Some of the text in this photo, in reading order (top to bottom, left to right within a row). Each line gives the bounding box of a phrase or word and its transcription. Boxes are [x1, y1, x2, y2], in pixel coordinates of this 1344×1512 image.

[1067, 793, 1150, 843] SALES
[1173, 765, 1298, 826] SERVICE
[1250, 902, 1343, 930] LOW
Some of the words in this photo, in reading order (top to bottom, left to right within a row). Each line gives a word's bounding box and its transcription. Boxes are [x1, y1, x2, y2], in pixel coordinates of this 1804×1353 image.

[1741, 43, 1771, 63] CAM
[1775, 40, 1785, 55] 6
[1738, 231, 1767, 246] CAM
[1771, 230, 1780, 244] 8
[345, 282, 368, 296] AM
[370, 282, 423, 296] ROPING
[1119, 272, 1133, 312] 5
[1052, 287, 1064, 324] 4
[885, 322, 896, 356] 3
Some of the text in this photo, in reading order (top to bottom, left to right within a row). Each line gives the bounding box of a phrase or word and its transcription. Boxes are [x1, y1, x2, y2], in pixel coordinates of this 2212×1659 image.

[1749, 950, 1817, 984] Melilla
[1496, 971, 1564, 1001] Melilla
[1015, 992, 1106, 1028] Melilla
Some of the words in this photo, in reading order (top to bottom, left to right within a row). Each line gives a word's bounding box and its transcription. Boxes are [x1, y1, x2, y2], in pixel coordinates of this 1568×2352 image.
════════════════════
#### How to complete this task:
The reply should consist of the records, reproduced exactly.

#### Solution to this problem:
Some of the text in this photo, in reading order (top to bottom, left to right within a row). Each line gives the bounding box of a phrase or word and its transcription. Boxes are [x1, y1, x2, y2], in pixel coordinates of this 1344×1512 image.

[1067, 793, 1150, 843] SALES
[1173, 765, 1298, 826] SERVICE
[1250, 902, 1343, 930] LOW
Some of the words in this photo, in reading order (top to bottom, left to right within a row). Each line gives a word's bounding box and its transcription. Boxes are [x1, y1, x2, y2], in pixel coordinates of this 1804×1353 image.

[1741, 43, 1771, 63] CAM
[1775, 40, 1785, 55] 6
[1738, 231, 1767, 246] CAM
[1771, 230, 1780, 244] 8
[345, 282, 368, 296] AM
[370, 282, 423, 296] ROPING
[1119, 272, 1133, 312] 5
[1052, 287, 1064, 324] 4
[885, 322, 896, 356] 3
Some of the text in this photo, in reading order (top to bottom, left to right within a row). Each line gives the bounding box of a phrase or word and its transcription. Boxes are [x1, y1, x2, y2], in pixel coordinates of this 2212×1659 image.

[1749, 950, 1817, 984] Melilla
[1496, 971, 1564, 1001] Melilla
[1015, 992, 1106, 1028] Melilla
Some of the words in this photo, in reading order (top to bottom, left to right within a row). Each line gives a word's bounding box and its transcription. Boxes are [x1, y1, x2, y2], in pixel coordinates of this 1568×2352 image.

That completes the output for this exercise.